Perfect side dish or antipasta when green beans & cherry tomatoes are at their peak!

Method


Clean the green beans.
Blanch beans in salted water. Drain & rinse in cold water.
Score the bottom of 3 nice good quality tomatoes and remove the stem root. Plunge into boiling water for 20 - 30 seconds. Drain & shock the tomatoes in ice water.
Slough the skins & de-seed tomatoes. Give them a good rough chop into chunks.

In a frying pan, over low heat add a couple of glugs of good quality olive oil. Throw in 2 whole garlic cloves (skins removed). Gently fry for a couple of minutes.

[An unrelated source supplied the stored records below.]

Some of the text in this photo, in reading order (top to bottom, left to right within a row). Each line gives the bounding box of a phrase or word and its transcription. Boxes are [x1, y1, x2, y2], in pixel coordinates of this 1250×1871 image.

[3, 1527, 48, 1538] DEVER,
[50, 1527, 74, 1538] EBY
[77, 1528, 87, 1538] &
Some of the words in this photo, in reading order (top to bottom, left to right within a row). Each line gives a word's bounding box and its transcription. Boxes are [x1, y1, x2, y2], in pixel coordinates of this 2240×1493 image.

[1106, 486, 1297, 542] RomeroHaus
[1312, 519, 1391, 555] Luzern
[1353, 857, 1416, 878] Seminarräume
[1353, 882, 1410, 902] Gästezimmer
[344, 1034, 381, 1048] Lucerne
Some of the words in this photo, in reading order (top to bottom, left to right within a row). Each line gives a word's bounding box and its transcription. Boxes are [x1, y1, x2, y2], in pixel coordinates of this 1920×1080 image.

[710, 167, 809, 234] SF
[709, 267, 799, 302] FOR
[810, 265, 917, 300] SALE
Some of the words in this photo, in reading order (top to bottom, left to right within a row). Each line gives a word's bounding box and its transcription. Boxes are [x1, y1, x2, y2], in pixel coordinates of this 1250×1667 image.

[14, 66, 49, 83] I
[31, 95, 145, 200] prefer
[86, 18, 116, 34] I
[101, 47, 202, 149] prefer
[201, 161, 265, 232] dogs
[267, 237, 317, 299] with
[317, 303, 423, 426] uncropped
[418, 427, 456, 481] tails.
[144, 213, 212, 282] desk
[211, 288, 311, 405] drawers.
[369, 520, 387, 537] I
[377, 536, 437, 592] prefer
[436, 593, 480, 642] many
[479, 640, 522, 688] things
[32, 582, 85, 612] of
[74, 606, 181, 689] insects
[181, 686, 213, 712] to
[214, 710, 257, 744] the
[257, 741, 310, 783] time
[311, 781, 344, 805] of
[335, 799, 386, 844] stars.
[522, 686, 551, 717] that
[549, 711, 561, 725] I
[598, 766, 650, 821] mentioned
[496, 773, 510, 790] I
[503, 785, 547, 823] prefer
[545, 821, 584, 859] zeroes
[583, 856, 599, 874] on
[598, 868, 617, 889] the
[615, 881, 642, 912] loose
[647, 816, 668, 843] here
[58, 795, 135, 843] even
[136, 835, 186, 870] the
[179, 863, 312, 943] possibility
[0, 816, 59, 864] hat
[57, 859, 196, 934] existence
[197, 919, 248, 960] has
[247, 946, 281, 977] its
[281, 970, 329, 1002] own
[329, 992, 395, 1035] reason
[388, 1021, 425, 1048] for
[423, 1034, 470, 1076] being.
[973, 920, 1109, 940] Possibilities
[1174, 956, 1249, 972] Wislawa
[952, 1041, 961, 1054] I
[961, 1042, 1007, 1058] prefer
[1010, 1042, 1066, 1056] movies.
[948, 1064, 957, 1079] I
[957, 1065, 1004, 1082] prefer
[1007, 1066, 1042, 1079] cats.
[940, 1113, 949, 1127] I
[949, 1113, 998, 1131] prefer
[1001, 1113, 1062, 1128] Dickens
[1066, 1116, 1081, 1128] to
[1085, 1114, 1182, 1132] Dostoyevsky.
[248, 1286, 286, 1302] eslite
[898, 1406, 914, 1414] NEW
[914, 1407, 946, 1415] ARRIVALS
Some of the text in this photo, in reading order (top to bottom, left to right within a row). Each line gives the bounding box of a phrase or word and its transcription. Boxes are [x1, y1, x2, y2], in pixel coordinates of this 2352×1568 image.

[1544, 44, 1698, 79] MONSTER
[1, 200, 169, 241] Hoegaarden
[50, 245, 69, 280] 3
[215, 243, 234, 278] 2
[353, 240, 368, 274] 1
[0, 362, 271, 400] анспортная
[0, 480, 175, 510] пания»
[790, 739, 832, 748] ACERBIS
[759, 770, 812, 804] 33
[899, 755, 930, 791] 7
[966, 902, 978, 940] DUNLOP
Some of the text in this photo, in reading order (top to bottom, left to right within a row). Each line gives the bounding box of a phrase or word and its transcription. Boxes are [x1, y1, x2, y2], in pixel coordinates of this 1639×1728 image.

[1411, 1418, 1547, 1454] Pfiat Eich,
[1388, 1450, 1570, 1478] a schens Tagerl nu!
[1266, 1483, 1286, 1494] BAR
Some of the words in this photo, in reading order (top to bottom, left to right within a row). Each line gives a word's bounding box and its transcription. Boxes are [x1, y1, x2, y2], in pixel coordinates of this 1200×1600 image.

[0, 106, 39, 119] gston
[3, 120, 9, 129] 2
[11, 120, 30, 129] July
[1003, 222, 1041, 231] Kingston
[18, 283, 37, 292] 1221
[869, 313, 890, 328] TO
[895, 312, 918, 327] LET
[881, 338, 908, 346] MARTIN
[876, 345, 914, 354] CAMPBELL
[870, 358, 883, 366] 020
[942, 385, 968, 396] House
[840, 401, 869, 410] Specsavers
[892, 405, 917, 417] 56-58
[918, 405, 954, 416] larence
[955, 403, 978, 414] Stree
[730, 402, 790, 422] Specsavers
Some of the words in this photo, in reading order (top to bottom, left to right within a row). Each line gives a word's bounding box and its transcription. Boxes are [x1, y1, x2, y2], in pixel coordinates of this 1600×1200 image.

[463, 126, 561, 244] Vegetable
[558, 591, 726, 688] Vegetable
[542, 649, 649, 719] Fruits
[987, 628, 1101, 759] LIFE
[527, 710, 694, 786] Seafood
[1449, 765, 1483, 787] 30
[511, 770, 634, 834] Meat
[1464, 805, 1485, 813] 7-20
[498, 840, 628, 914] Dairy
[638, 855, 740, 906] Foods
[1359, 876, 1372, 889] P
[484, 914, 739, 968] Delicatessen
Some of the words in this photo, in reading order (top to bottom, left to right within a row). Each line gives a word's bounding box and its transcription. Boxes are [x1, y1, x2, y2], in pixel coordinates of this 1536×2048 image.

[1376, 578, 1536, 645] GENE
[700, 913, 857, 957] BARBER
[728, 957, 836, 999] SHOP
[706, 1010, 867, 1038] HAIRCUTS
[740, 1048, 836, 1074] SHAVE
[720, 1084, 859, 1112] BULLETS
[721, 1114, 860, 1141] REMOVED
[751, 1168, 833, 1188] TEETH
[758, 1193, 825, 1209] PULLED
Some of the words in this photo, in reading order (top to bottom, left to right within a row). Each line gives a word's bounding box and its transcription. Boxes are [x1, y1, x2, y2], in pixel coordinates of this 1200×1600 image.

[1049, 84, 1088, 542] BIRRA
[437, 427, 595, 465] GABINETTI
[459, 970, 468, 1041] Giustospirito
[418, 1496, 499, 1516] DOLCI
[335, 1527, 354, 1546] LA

Raise heat, add the green beans & sauté for a minute.

Throw in tomatoes. Toss a couple of times in the pan & cook for 3-4 minutes until the green beans are tender but not mushy.

Remove garlic cloves. Season with salt & pepper. Add a small handful of one type of your favorite fresh herbs, chopped. (for example basil, oregano or marjoram) and a drizzle of extra virgin olive oil.

At our agriturismo we finish the dish with 30 year aged traditional balsamic. (To find the good stuff in the States can be hard & expensive). It's totally OK to use regular balsamic, it is just more acetic or use a squeeze of lemon.